= What you will do =
Your answer must be an exact transcription of the data, with every picture omitted.

Images for object localization:
========
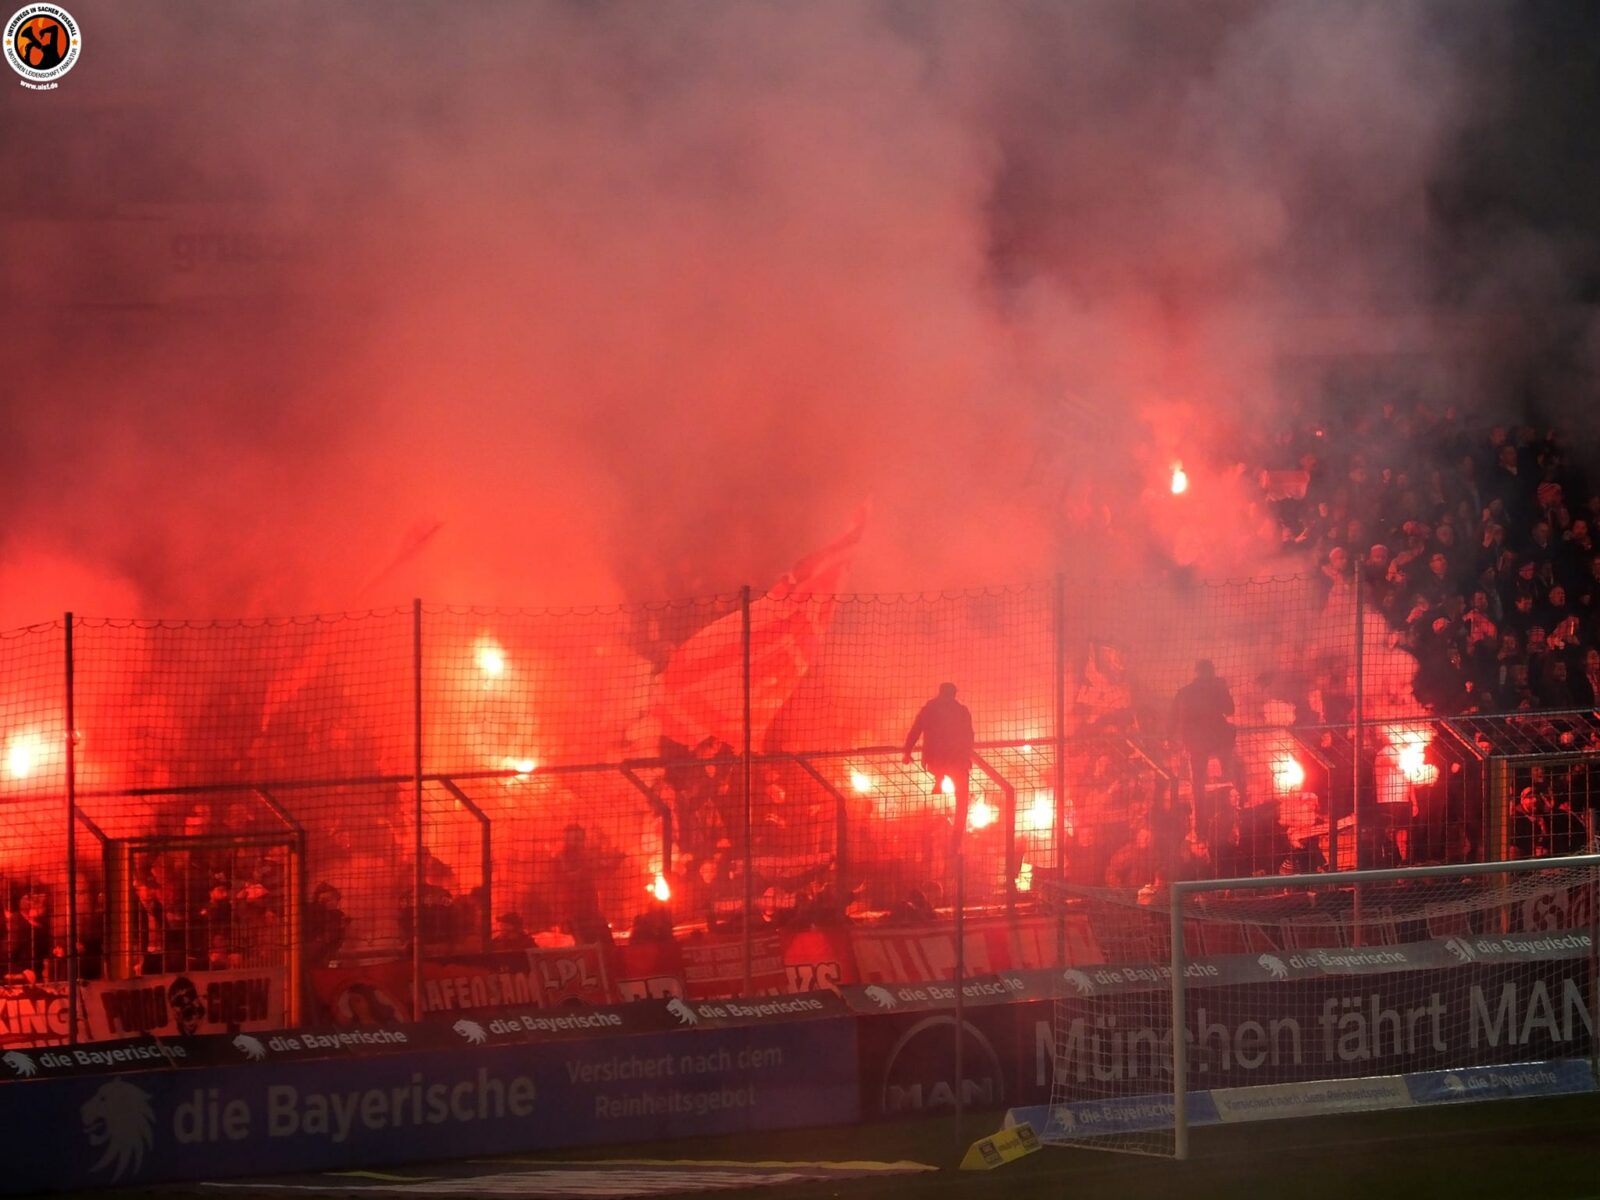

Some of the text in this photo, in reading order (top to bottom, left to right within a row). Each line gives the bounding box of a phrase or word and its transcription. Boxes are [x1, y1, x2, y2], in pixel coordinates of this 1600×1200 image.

[1476, 934, 1592, 954] die Bayerische
[1289, 951, 1407, 969] die Bayerische
[1095, 970, 1123, 985] die
[898, 988, 928, 1002] die
[698, 998, 823, 1018] die Bayerische
[489, 1012, 622, 1034] die Bayerische
[1318, 992, 1448, 1062] fährt
[268, 1029, 408, 1052] die Bayerische
[39, 1052, 73, 1068] die
[73, 1044, 187, 1066] Bayerische
[566, 1046, 783, 1084] Versichert nach dem
[888, 1077, 994, 1108] MAN
[1467, 1076, 1489, 1090] die
[173, 1067, 536, 1143] die Bayerische
[594, 1084, 757, 1120] Reinheitsgebot
========
= Answer area =
Some of the text in this photo, in reading order (top to bottom, left to right within a row). Each line gives the bounding box of a phrase or word and its transcription. Boxes are [x1, y1, x2, y2], in pixel coordinates of this 1600×1200 image.

[1476, 934, 1592, 954] die Bayerische
[1289, 951, 1407, 969] die Bayerische
[1095, 970, 1123, 985] die
[898, 988, 928, 1002] die
[698, 998, 823, 1018] die Bayerische
[489, 1012, 622, 1034] die Bayerische
[1318, 992, 1448, 1062] fährt
[268, 1029, 408, 1052] die Bayerische
[39, 1052, 73, 1068] die
[73, 1044, 187, 1066] Bayerische
[566, 1046, 783, 1084] Versichert nach dem
[888, 1077, 994, 1108] MAN
[1467, 1076, 1489, 1090] die
[173, 1067, 536, 1143] die Bayerische
[594, 1084, 757, 1120] Reinheitsgebot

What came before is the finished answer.